Peter McMylor considers Alasdair MacIntyre's classic After Virtue: a study in moral theory, first published in 1981

After Virtue is a work of moral philosophy written some 30 years ago. However it is much more than a conventional discussion of moral philosophy – it is also a critique of the culture of capitalist modernity. This was widely recognised when the book first appeared for it was read as much by scholars in literature, history and the social sciences as by philosophers. But it was also read outside the university. MacIntyre himself has described getting letters and phone calls from members of communities that felt excluded from elite cultural discussion and felt this book spoke to them and for them.

What, then, does After Virtue attempt to achieve?

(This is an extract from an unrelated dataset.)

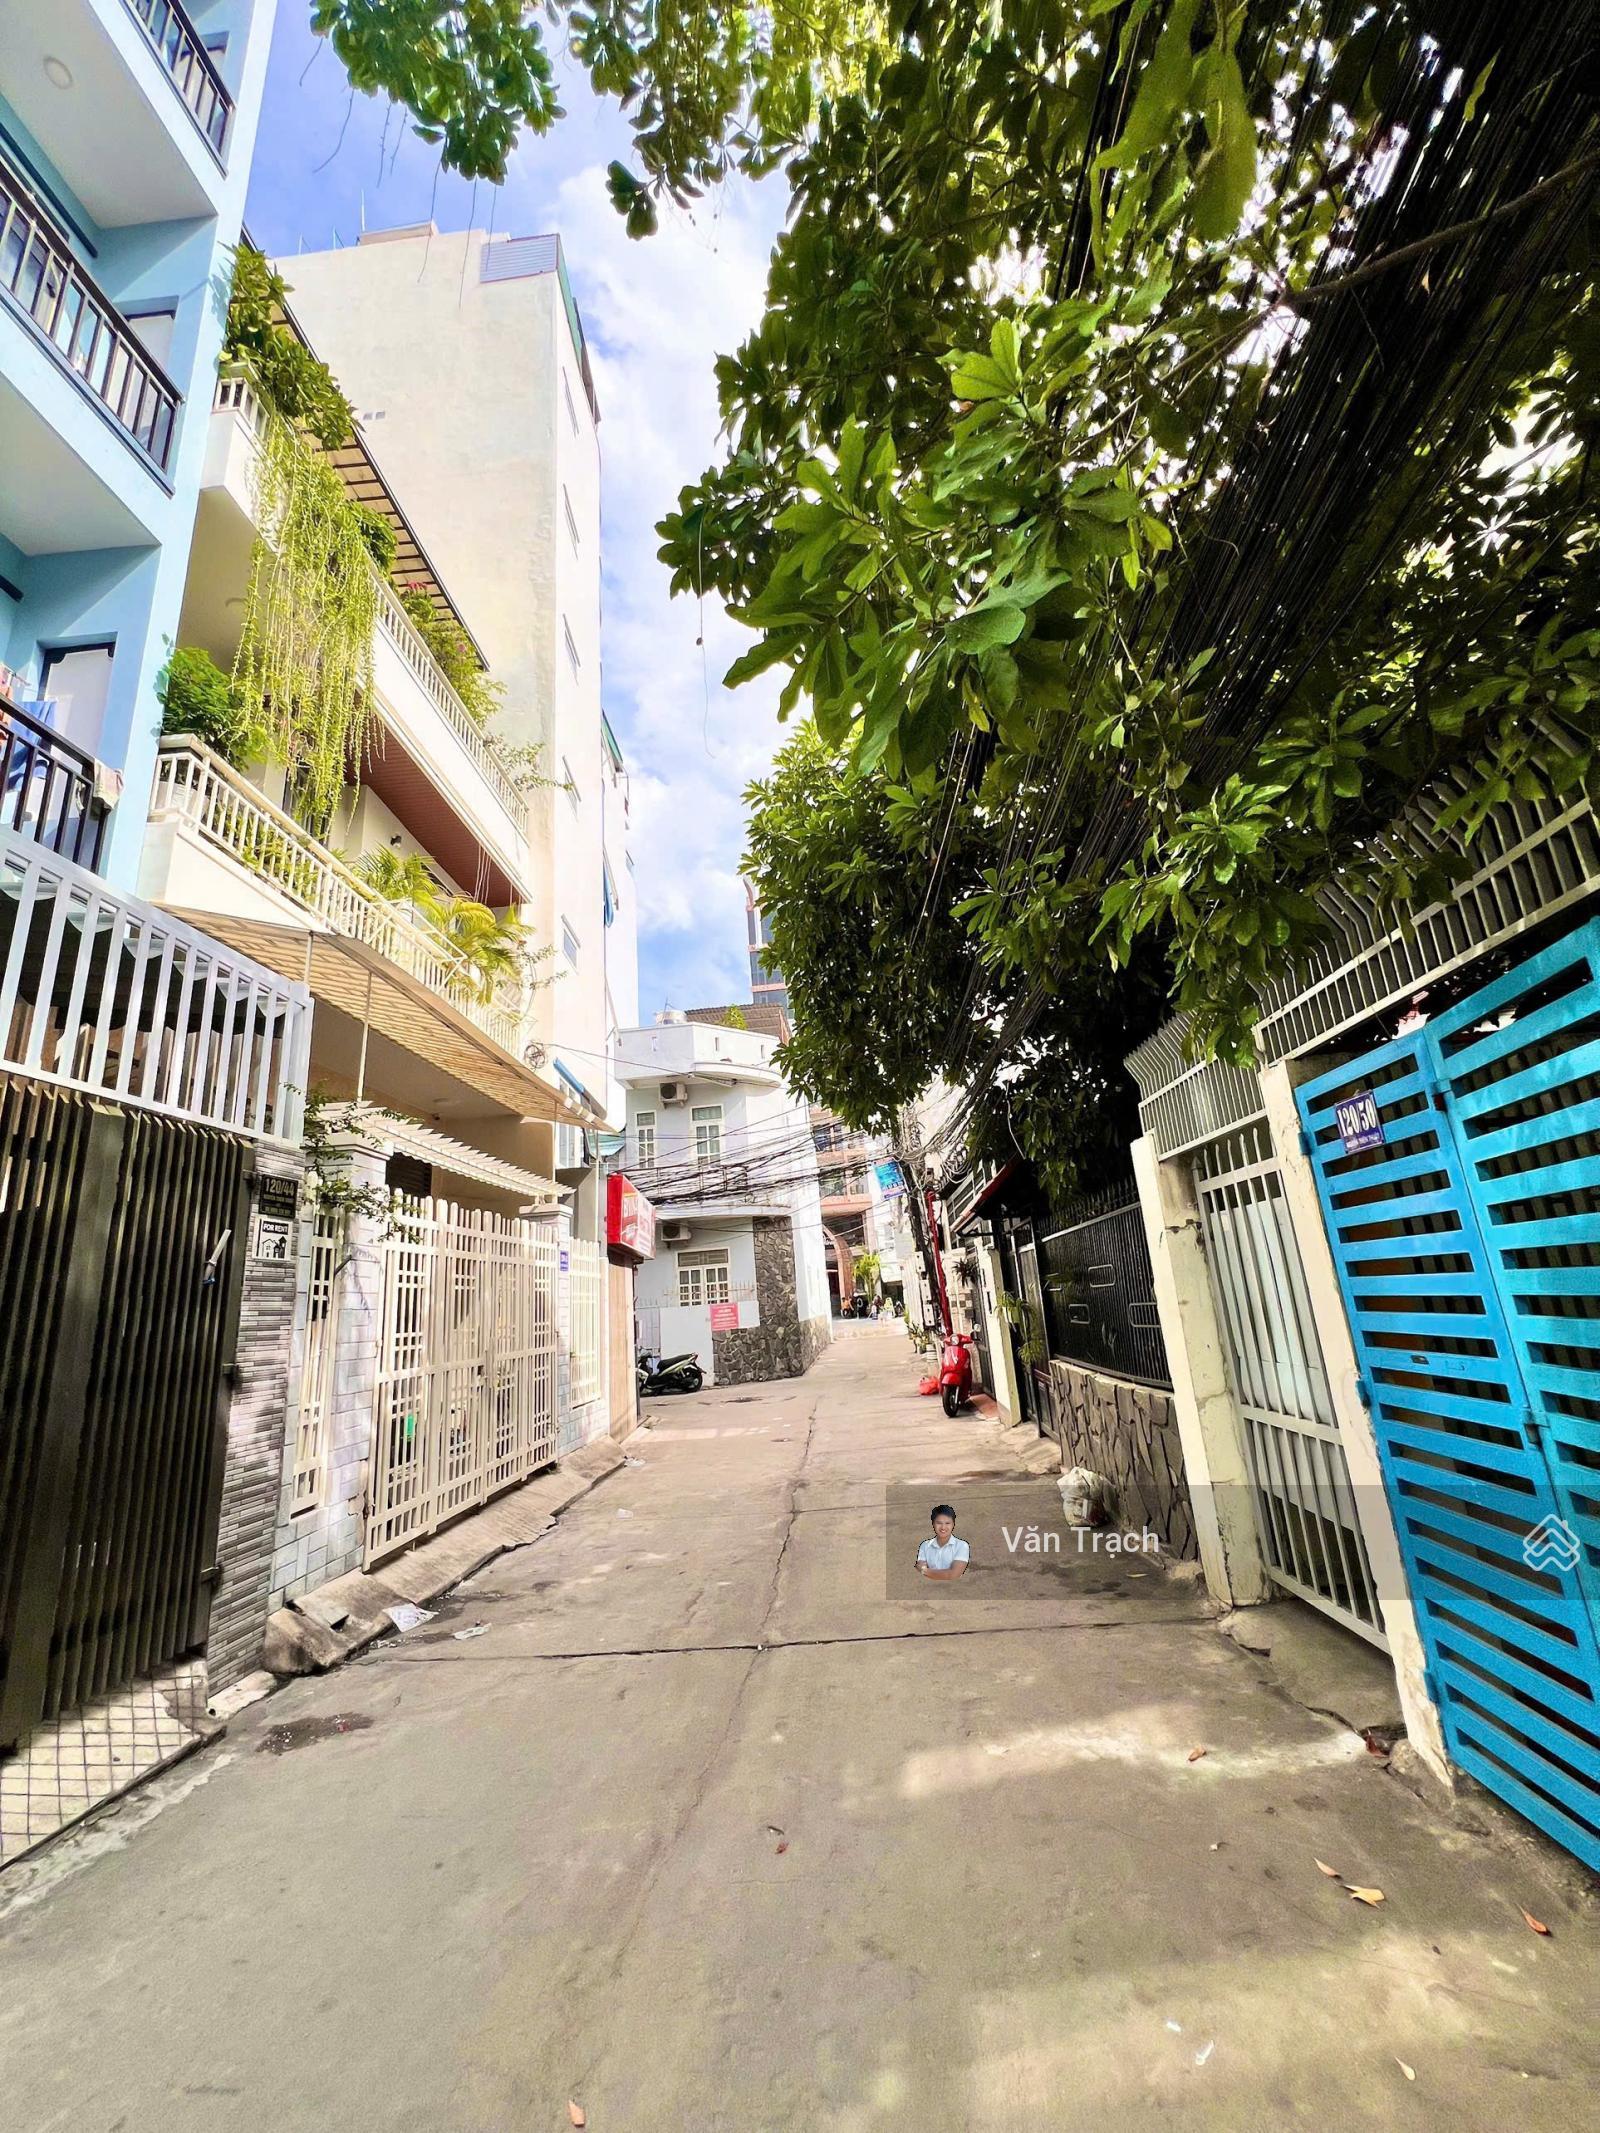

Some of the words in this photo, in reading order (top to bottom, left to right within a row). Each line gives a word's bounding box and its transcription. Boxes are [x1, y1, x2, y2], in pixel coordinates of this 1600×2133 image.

[1337, 1098, 1376, 1137] 120/50
[265, 1178, 295, 1196] 120/44
[263, 1223, 275, 1231] FOR
[275, 1225, 288, 1233] RENT

MacIntyre originally wanted to write two books: one on the state of moral philosophy in the contemporary world and the other on the philosophy of social science. He discovered that each book needed the support of the other to make sense. The reasons are clear when we identify the three main aims of the book.

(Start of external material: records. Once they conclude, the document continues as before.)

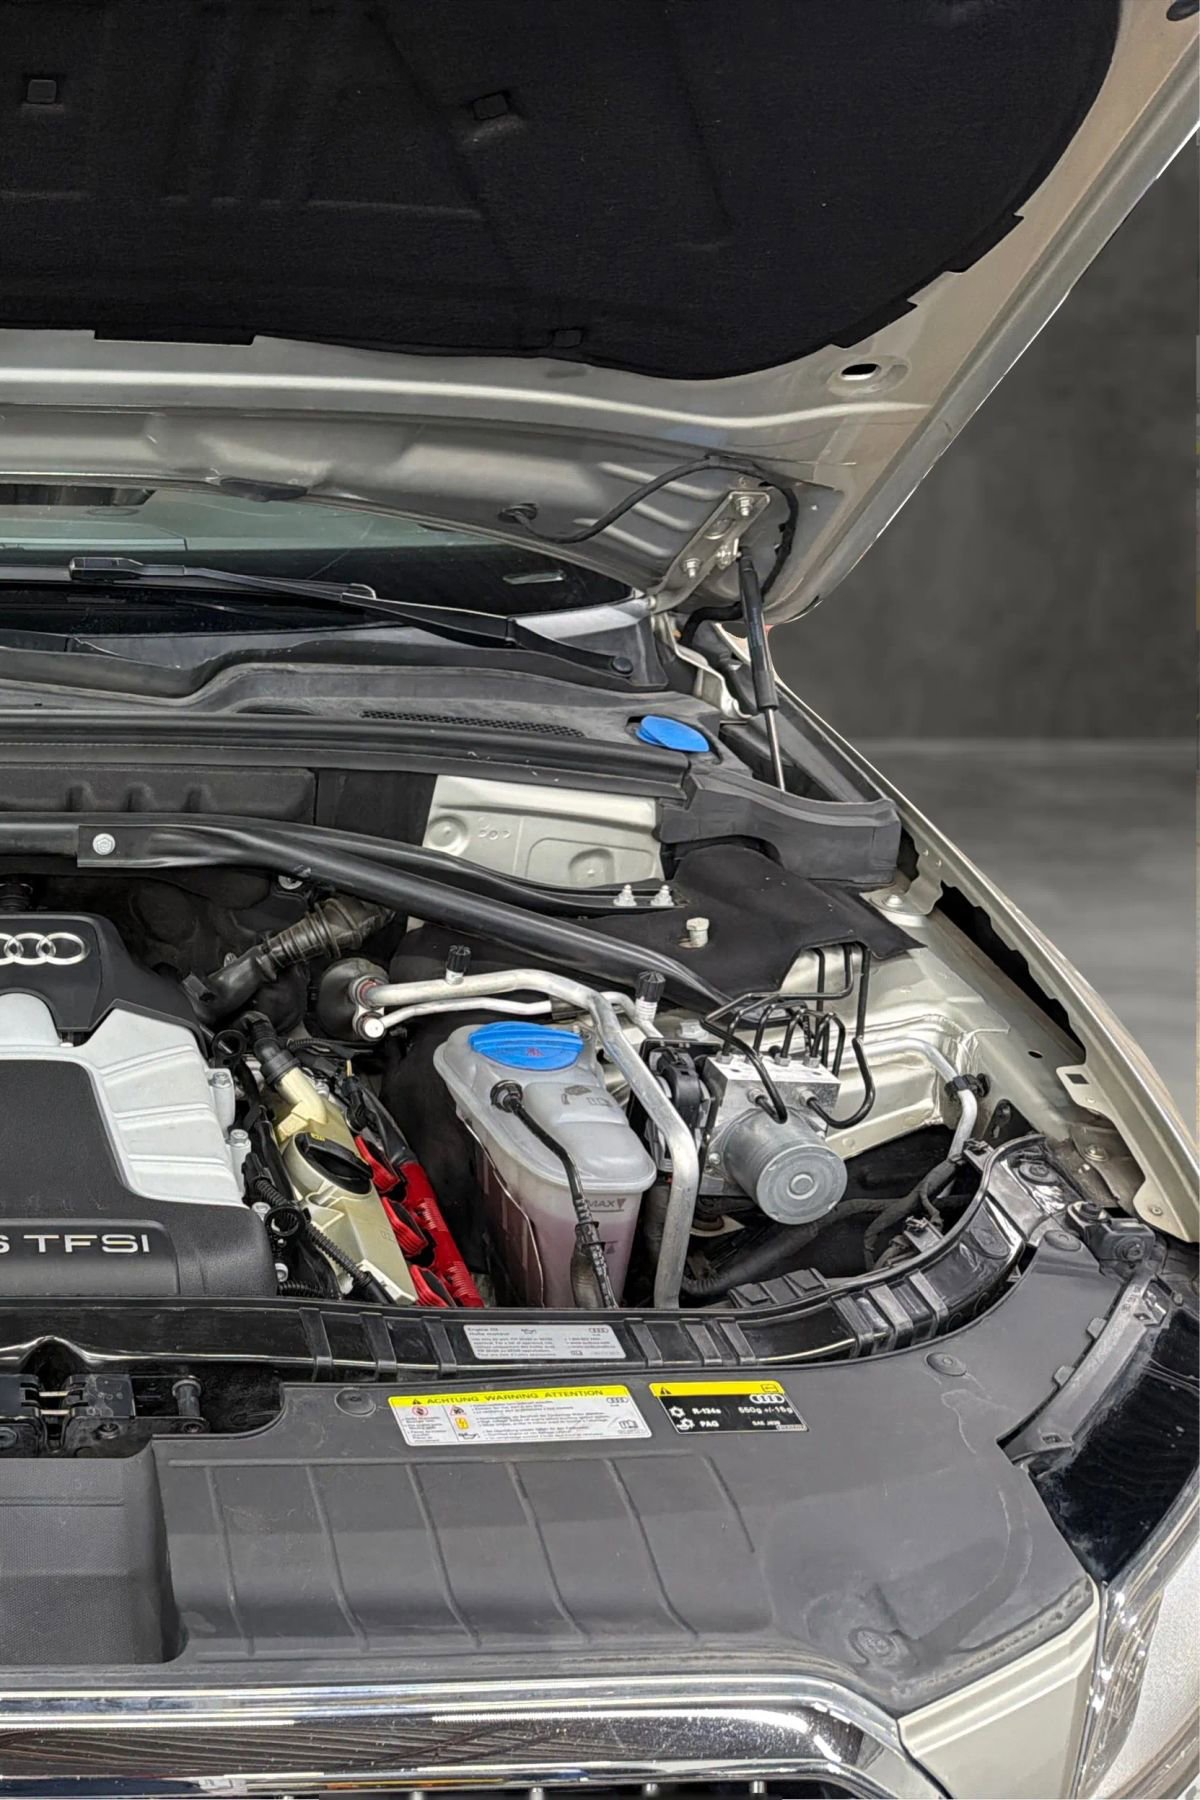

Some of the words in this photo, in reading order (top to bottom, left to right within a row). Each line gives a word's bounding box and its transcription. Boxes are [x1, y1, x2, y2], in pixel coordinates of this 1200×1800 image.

[23, 1234, 150, 1254] TFSI
[427, 1396, 480, 1404] ACHTUNG
[483, 1393, 539, 1402] WARNING
[544, 1390, 604, 1398] ATTENTION
[699, 1420, 720, 1428] PAG

The first is an attempt to understand why it is so difficult to settle moral arguments in liberal modernity – that is, the experience of cultural relativism. Second, the book contains a critique of the whole edifice of managerialism and its social scientific claims to authority in our lives. And third, MacIntyre attempts to reinstate a practice-based Aristotelian virtue ethics as an alternative to the prescriptive rule-based morality of modernity.

After Virtue begins with a ‘disquieting suggestion’ that in modern liberal society, the basis for moral agreement has fragmented. It is not that we are confused over particular moral questions but rather we have lost the basis for understanding what a coherent moral argument is. How this has happened is complex but can be broadly understood as due to the cultural and institutional transformation of European society during the long transition from feudalism to capitalism that underpins the rise of modernity.

The key point is that our moral vocabulary was ripped from its social context and we are left only with the fragments of an originally meaningful moral scheme. We use the fragments in everyday life and act as if there still exists an overarching moral framework. In practice we have a marked tendency to appeal to different bits of the fragments depending on what we want; hence our difficulty.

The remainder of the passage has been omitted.